→ **WHAT TO WORK ON**: All of the entries need to be printed again exactly; pictures are the only thing to omit.

□ □ □ □ □

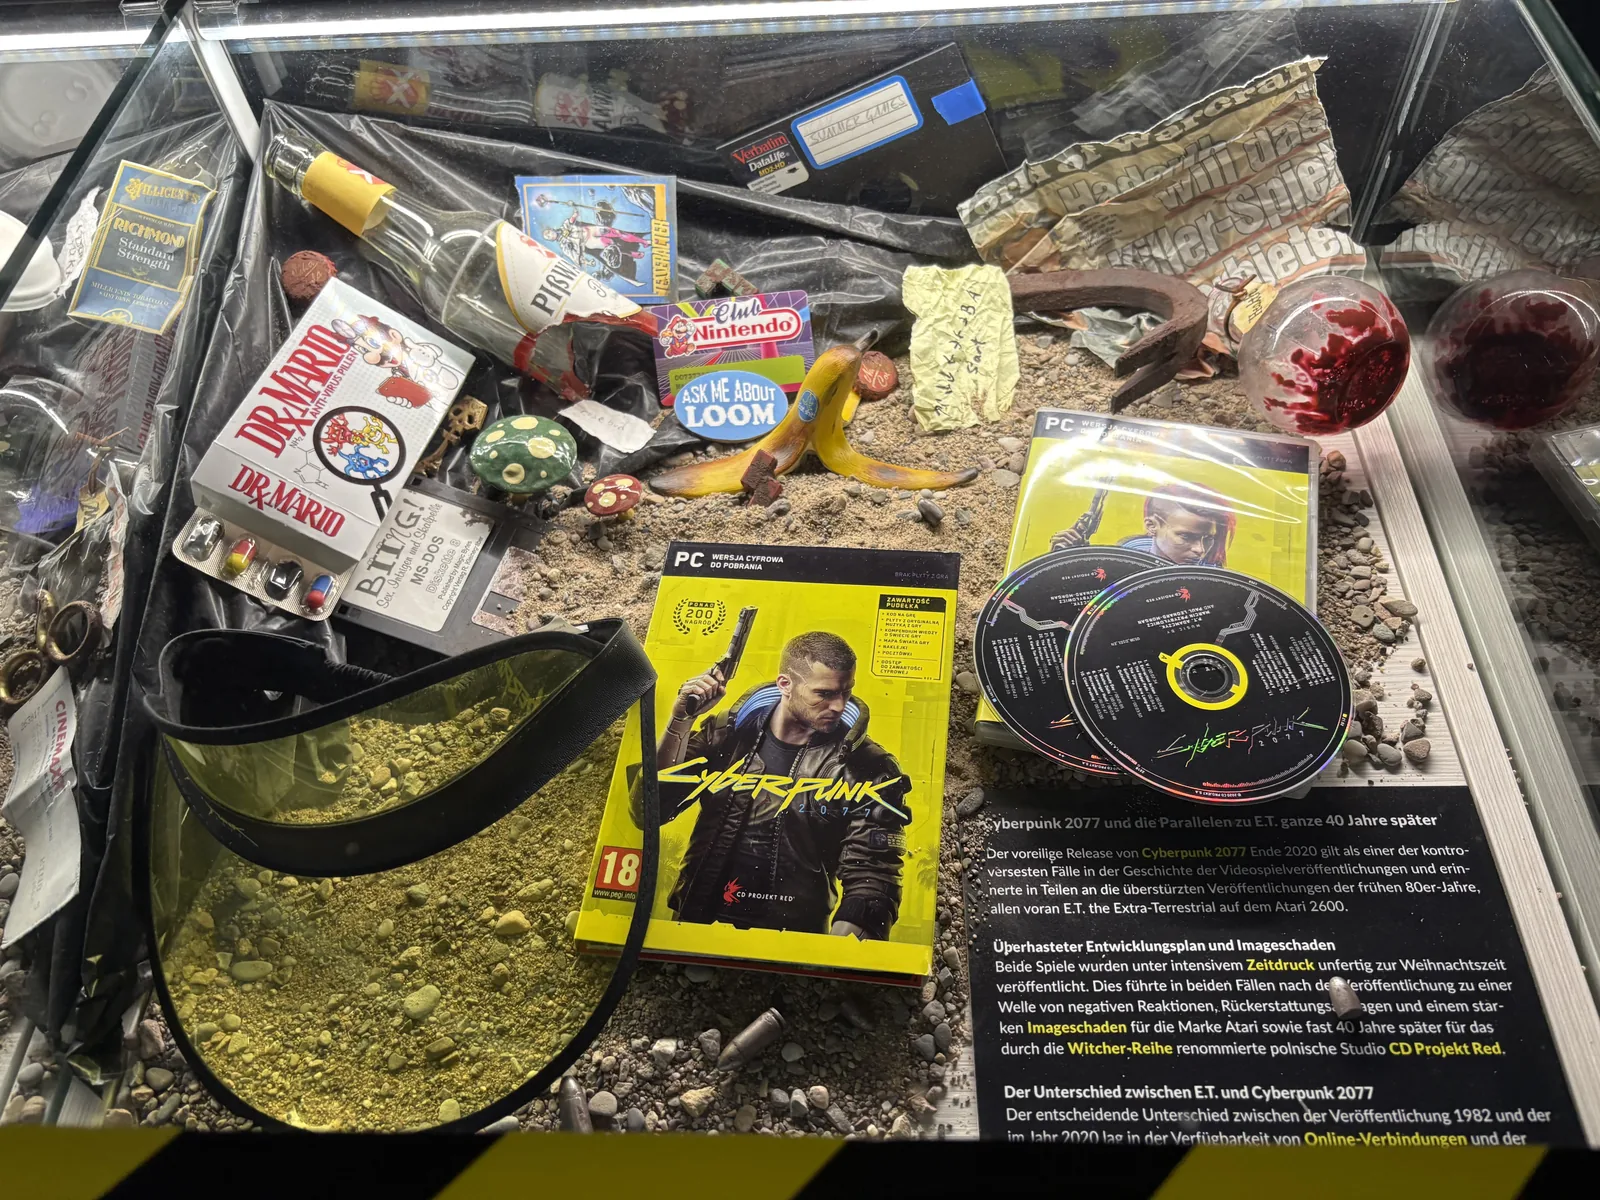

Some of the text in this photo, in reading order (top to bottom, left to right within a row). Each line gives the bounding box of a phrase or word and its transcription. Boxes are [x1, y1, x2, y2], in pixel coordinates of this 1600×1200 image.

[731, 134, 787, 164] Verbatim
[1154, 108, 1326, 209] will das
[113, 217, 186, 248] RICHMOND
[119, 236, 175, 262] Standard
[117, 247, 171, 271] Strength
[715, 299, 762, 324] Club
[309, 350, 360, 425] ANTI-VIRUS PILLEN
[682, 378, 776, 404] ASK ME ABOUT
[684, 403, 776, 428] LOOM
[1045, 417, 1074, 432] PC
[271, 479, 346, 537] MARIO
[414, 503, 443, 540] Skalpelle
[409, 540, 420, 556] und
[410, 536, 444, 586] MS-DOS
[674, 552, 705, 568] PC
[712, 553, 745, 561] WERSJA
[723, 562, 763, 570] POBRANIA
[387, 557, 413, 589] Intrigen
[426, 549, 456, 594] Diskette
[437, 575, 455, 601] Published
[453, 553, 467, 570] Magic
[461, 540, 473, 555] Bytes
[886, 596, 931, 605] ZAWARTOŚĆ
[685, 609, 713, 619] 200
[1137, 610, 1187, 624] LEONARD-MORGAN
[1189, 610, 1210, 619] MARCIN
[1258, 730, 1304, 747] 2077
[799, 804, 871, 817] 2077
[1065, 814, 1100, 828] 2077
[1105, 814, 1131, 828] und
[1135, 814, 1156, 828] die
[1160, 813, 1232, 828] Parallelen
[1235, 817, 1251, 827] zu
[1255, 814, 1277, 827] E.T.
[1281, 815, 1323, 829] ganze
[1326, 813, 1344, 826] 40
[1348, 812, 1387, 826] Jahre
[1391, 811, 1437, 829] später
[603, 851, 640, 887] 18
[593, 889, 636, 900] www.pegi.info
[736, 891, 746, 899] CD
[748, 892, 778, 901] PROJEKT
[994, 936, 1335, 955] Überhasteter Entwicklungsplan und Imageschaden
[998, 998, 1503, 1016] Welle von negativen Reaktionen, Rückerstattungsagen und einem star-
[1000, 1041, 1506, 1058] durch die Witcher-Reihe renommierte polnische Studio CD Projekt Red.
[1005, 1085, 1373, 1103] Der Unterschied zwischen E.T. und Cyberpunk 2077

□ □ □ □ □

→ **ANSWER TO THE PROBLEM**:
Some of the text in this photo, in reading order (top to bottom, left to right within a row). Each line gives the bounding box of a phrase or word and its transcription. Boxes are [x1, y1, x2, y2], in pixel coordinates of this 1600×1200 image.

[731, 134, 787, 164] Verbatim
[1154, 108, 1326, 209] will das
[113, 217, 186, 248] RICHMOND
[119, 236, 175, 262] Standard
[117, 247, 171, 271] Strength
[715, 299, 762, 324] Club
[309, 350, 360, 425] ANTI-VIRUS PILLEN
[682, 378, 776, 404] ASK ME ABOUT
[684, 403, 776, 428] LOOM
[1045, 417, 1074, 432] PC
[271, 479, 346, 537] MARIO
[414, 503, 443, 540] Skalpelle
[409, 540, 420, 556] und
[410, 536, 444, 586] MS-DOS
[674, 552, 705, 568] PC
[712, 553, 745, 561] WERSJA
[723, 562, 763, 570] POBRANIA
[387, 557, 413, 589] Intrigen
[426, 549, 456, 594] Diskette
[437, 575, 455, 601] Published
[453, 553, 467, 570] Magic
[461, 540, 473, 555] Bytes
[886, 596, 931, 605] ZAWARTOŚĆ
[685, 609, 713, 619] 200
[1137, 610, 1187, 624] LEONARD-MORGAN
[1189, 610, 1210, 619] MARCIN
[1258, 730, 1304, 747] 2077
[799, 804, 871, 817] 2077
[1065, 814, 1100, 828] 2077
[1105, 814, 1131, 828] und
[1135, 814, 1156, 828] die
[1160, 813, 1232, 828] Parallelen
[1235, 817, 1251, 827] zu
[1255, 814, 1277, 827] E.T.
[1281, 815, 1323, 829] ganze
[1326, 813, 1344, 826] 40
[1348, 812, 1387, 826] Jahre
[1391, 811, 1437, 829] später
[603, 851, 640, 887] 18
[593, 889, 636, 900] www.pegi.info
[736, 891, 746, 899] CD
[748, 892, 778, 901] PROJEKT
[994, 936, 1335, 955] Überhasteter Entwicklungsplan und Imageschaden
[998, 998, 1503, 1016] Welle von negativen Reaktionen, Rückerstattungsagen und einem star-
[1000, 1041, 1506, 1058] durch die Witcher-Reihe renommierte polnische Studio CD Projekt Red.
[1005, 1085, 1373, 1103] Der Unterschied zwischen E.T. und Cyberpunk 2077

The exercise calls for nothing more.